Monday, December 07, 2009

the beginning is the end is the beginning.

I am very close to being done with grad school, and just starting to really process it. I anticipate being happy with my final projects. Still kind of terrified, but what are you gonna do? The ideal thing to do would be to, like Batman, find someway to transmorgrify fears into strengths.

At this very moment, I am listening to Radiohead ("The Bends") and reading this poem pasted below. I think I will hang the last line over my door, so it will be the first thing I see when I go out.

======
"Manifesto: The Mad Farmer Liberation Front"
by Wendell Berry

Love the quick profit, the annual raise,
vacation with pay. Want more
of everything ready-made. Be afraid
to know your neighbors and to die.
And you will have a window in your head.
Not even your future will be a mystery
any more. Your mind will be punched in a card
and shut away in a little drawer.
When they want you to buy something
they will call you. When they want you
to die for profit they will let you know.
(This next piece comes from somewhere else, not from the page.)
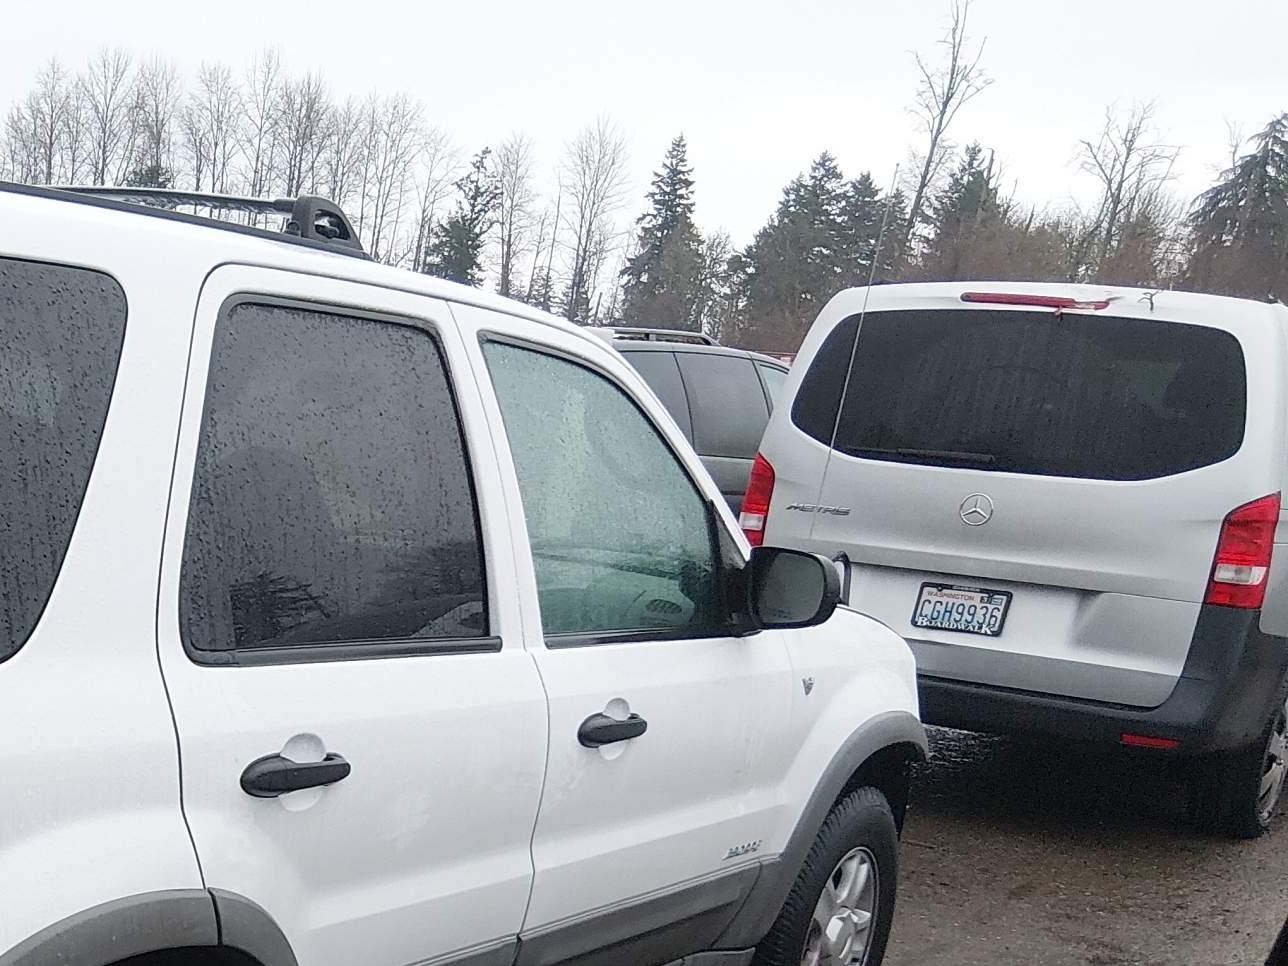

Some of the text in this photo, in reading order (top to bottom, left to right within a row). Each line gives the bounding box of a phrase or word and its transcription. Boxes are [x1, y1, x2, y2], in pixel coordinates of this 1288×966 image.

[927, 590, 975, 602] WASHINGTON
[919, 599, 1001, 628] CGH9936
[916, 616, 993, 635] BOARDWALK
So, friends, every day do something
that won't compute. Love the Lord.
Love the world. Work for nothing.
Take all that you have and be poor.
Love someone who does not deserve it.
Denounce the government and embrace
the flag. Hope to live in that free
republic for which it stands.
Give your approval to all you cannot
understand. Praise ignorance, for what man
has not encountered he has not destroyed.
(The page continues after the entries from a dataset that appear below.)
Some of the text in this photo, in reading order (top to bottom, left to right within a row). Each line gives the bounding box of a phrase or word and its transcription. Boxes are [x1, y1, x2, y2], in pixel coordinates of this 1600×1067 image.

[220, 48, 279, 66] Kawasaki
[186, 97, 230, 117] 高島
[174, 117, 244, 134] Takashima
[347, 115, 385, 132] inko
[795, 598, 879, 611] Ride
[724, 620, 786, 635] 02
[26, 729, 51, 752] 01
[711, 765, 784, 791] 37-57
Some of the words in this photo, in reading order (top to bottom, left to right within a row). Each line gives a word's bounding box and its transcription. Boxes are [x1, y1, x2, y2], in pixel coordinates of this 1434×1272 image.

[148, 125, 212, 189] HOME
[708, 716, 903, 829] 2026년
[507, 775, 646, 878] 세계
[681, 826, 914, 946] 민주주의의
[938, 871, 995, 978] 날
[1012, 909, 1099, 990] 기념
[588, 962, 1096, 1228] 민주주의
Ask the questions that have no answers.
Invest in the millenium. Plant sequoias.
Say that your main crop is the forest
that you did not plant,
that you will not live to harvest.
Say that the leaves are harvested
when they have rotted into the mold.
Call that profit. Prophesy such returns.

Put your faith in the two inches of humus
that will build under the trees
every thousand years.
Listen to carrion - put your ear
close, and hear the faint chattering
of the songs that are to come.
Expect the end of the world. Laugh.
Laughter is immeasurable. Be joyful
though you have considered all the facts.
So long as women do not go cheap
for power, please women more than men.
Ask yourself: Will this satisfy
a woman satisfied to bear a child?
Will this disturb the sleep
of a woman near to giving birth?

Go with your love to the fields.
Lie down in the shade. Rest your head
in her lap. Swear allegiance
to what is nighest your thoughts.
As soon as the generals and the politicos
can predict the motions of your mind,
lose it. Leave it as a sign
to mark the false trail, the way
you didn't go. Be like the fox
who makes more tracks than necessary,
some in the wrong direction.
Practice resurrection.

Tuesday, November 17, 2009

"Samurai Song" by Robert Pinsky

I saw Pinsky read this poem a few weeks ago, in one of the dining halls at Harvard. He was accompanied by a jazz trio. It was one of the more visceral experiences I've ever had- from simply sitting and listening to a human voice.

***

When I had no roof I made
Audacity my roof. When I had
No supper my eyes dined.

When I had no eyes I listened.
When I had no ears I thought.
When I had no thought I waited.

When I had no father I made
Care my father. When I had
No mother I embraced order.

When I had no friend I made
Quiet my friend. When I had no
Enemy I opposed my body.

When I had no temple I made
My voice my temple. I have
No priest, my tongue is my choir.

When I have no means fortune
Is my means. When I have
Nothing, death will be my fortune.

Need is my tactic, detachment
Is my strategy. When I had
No lover I courted my sleep.

******

I put my glasses back on for the first time in what feels like forever (they were hiding in a box which I had embarrassingly not brought up from the basement of my new apartment for several months). The edges of things are much sharper than before.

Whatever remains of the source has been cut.